• [DATASET RECORDS]:
*** Begin section ***
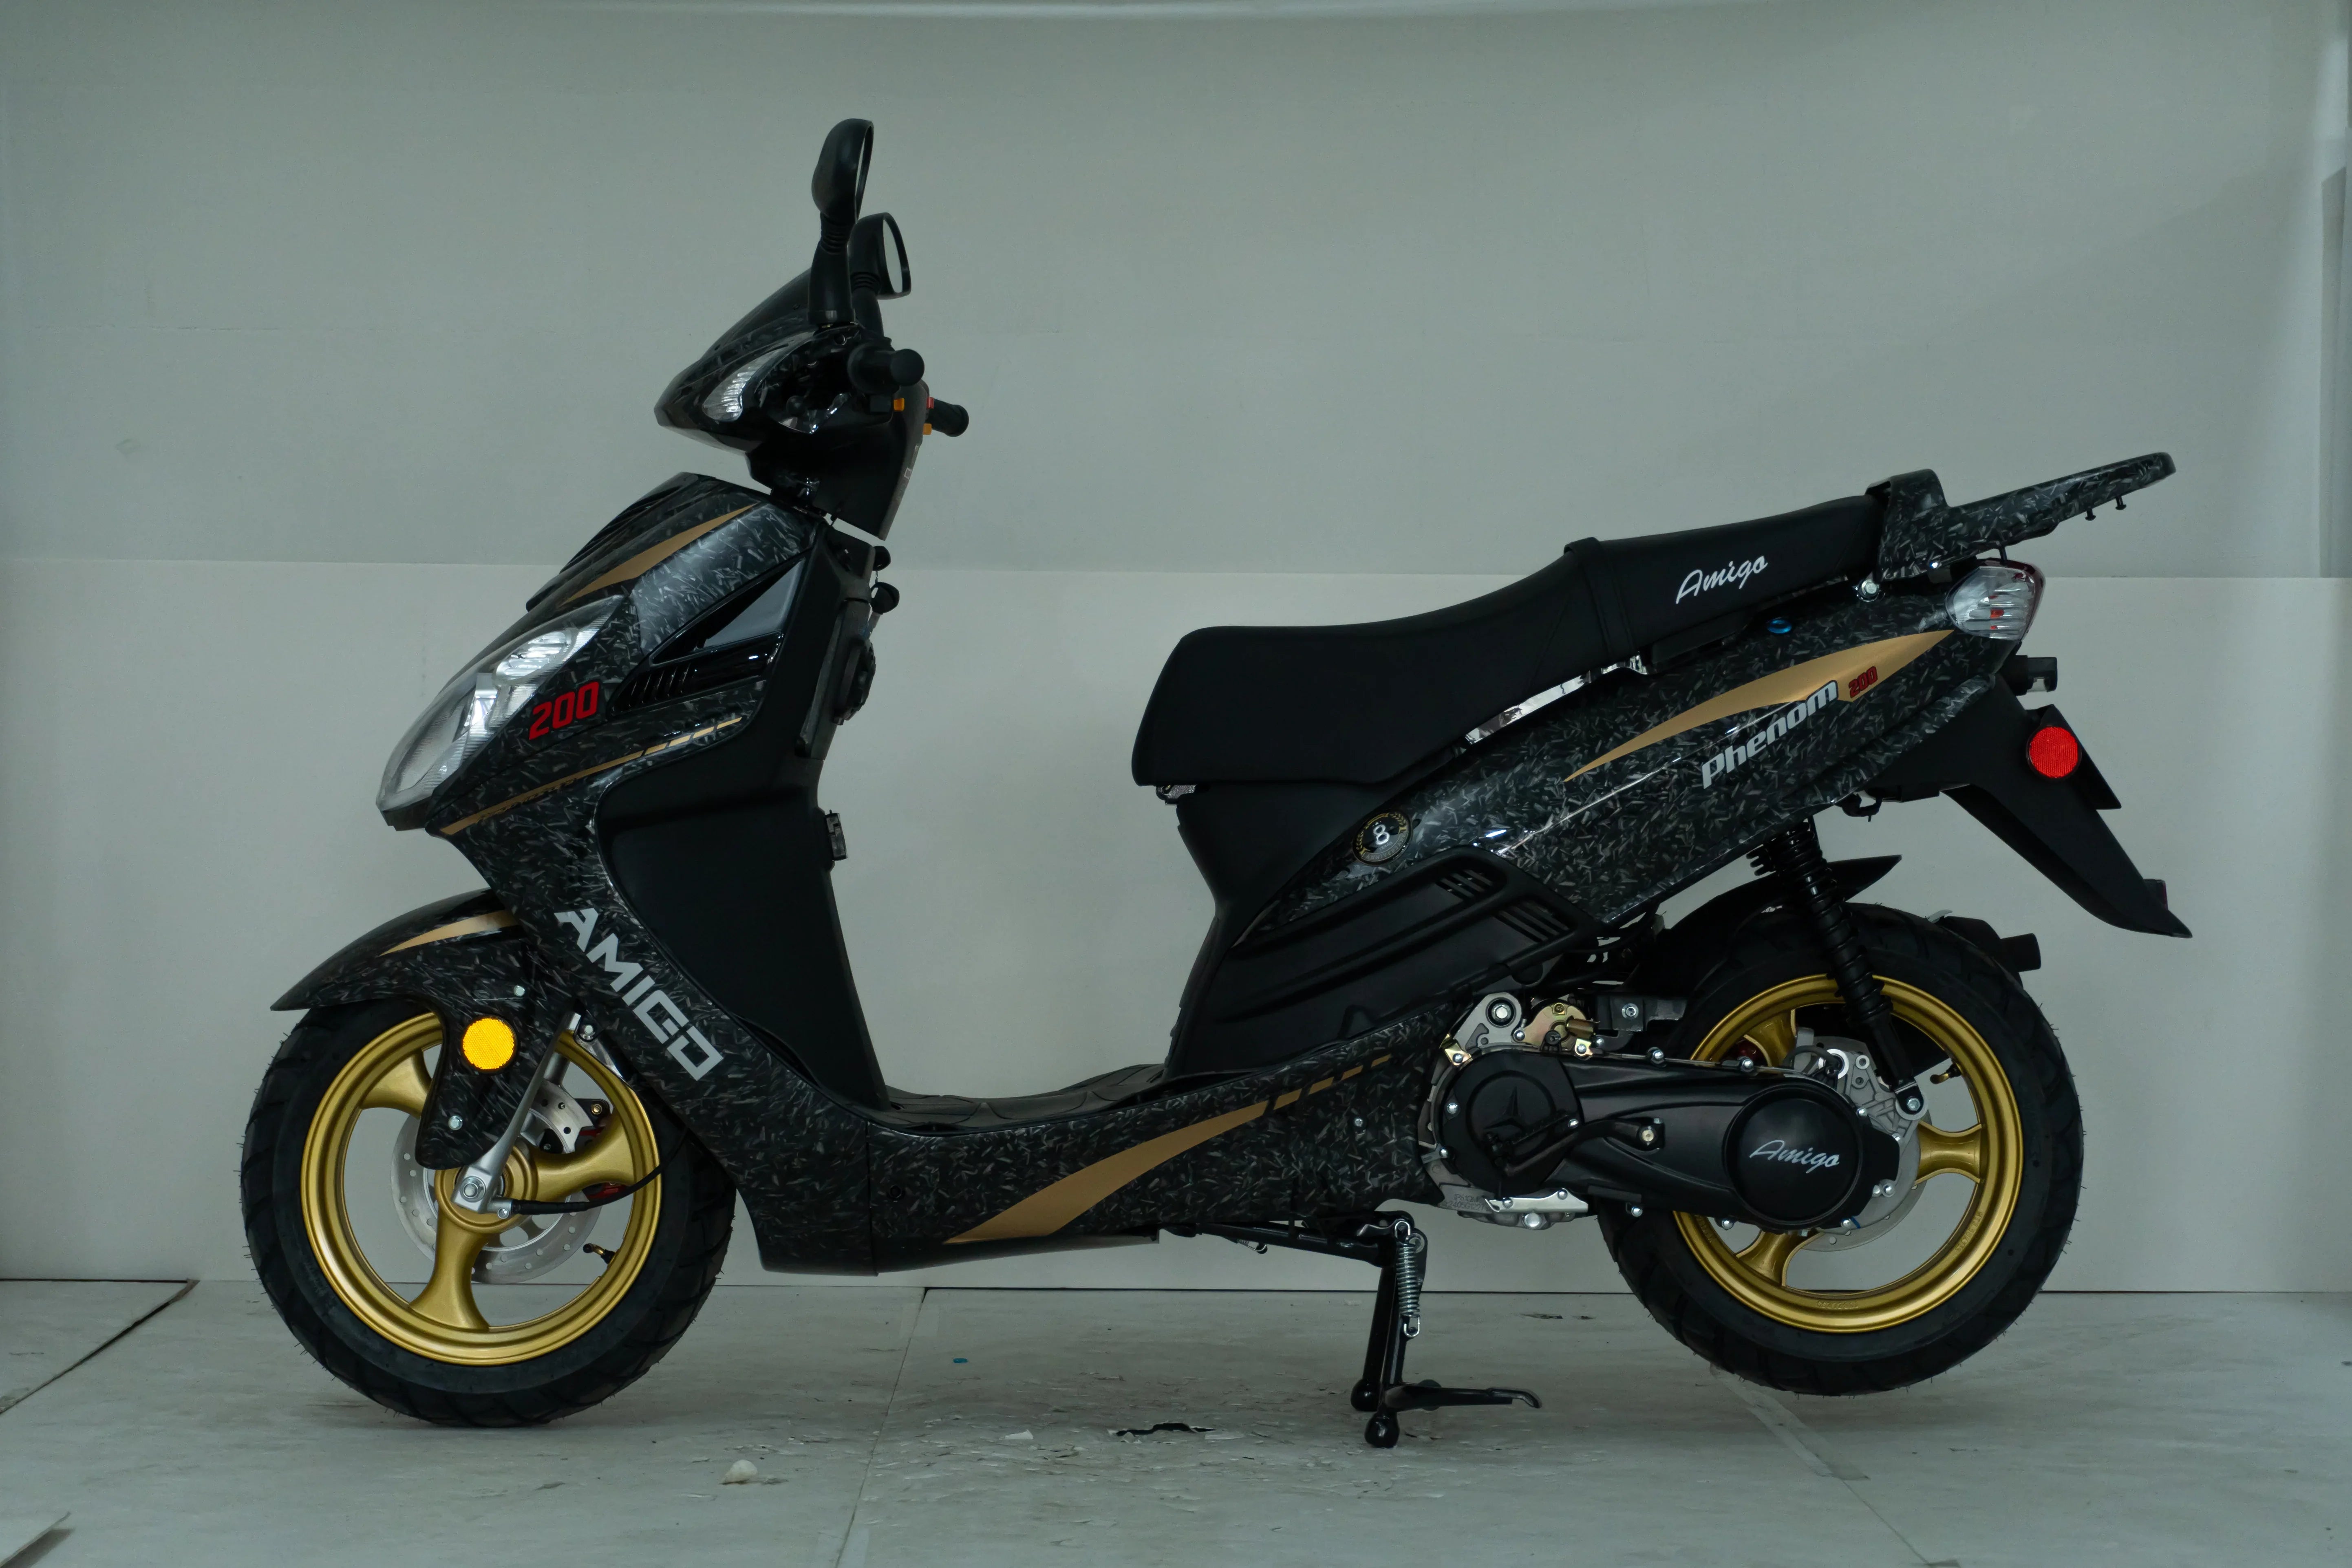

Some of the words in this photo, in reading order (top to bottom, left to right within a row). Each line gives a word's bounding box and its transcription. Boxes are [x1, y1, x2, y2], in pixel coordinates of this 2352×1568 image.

[1675, 555, 1768, 604] Amigo
[1849, 666, 1878, 698] 200
[529, 681, 599, 740] 200
[1373, 824, 1390, 846] 8
[554, 907, 724, 1081] AMIGO
[1749, 1140, 1840, 1173] Amigo
*** End section ***
• [EXERCISE BRIEF]:
Repeat the material verbatim but without any of its pictures.

• [RESULT]:
Some of the words in this photo, in reading order (top to bottom, left to right within a row). Each line gives a word's bounding box and its transcription. Boxes are [x1, y1, x2, y2], in pixel coordinates of this 2352×1568 image.

[1675, 555, 1768, 604] Amigo
[1849, 666, 1878, 698] 200
[529, 681, 599, 740] 200
[1373, 824, 1390, 846] 8
[554, 907, 724, 1081] AMIGO
[1749, 1140, 1840, 1173] Amigo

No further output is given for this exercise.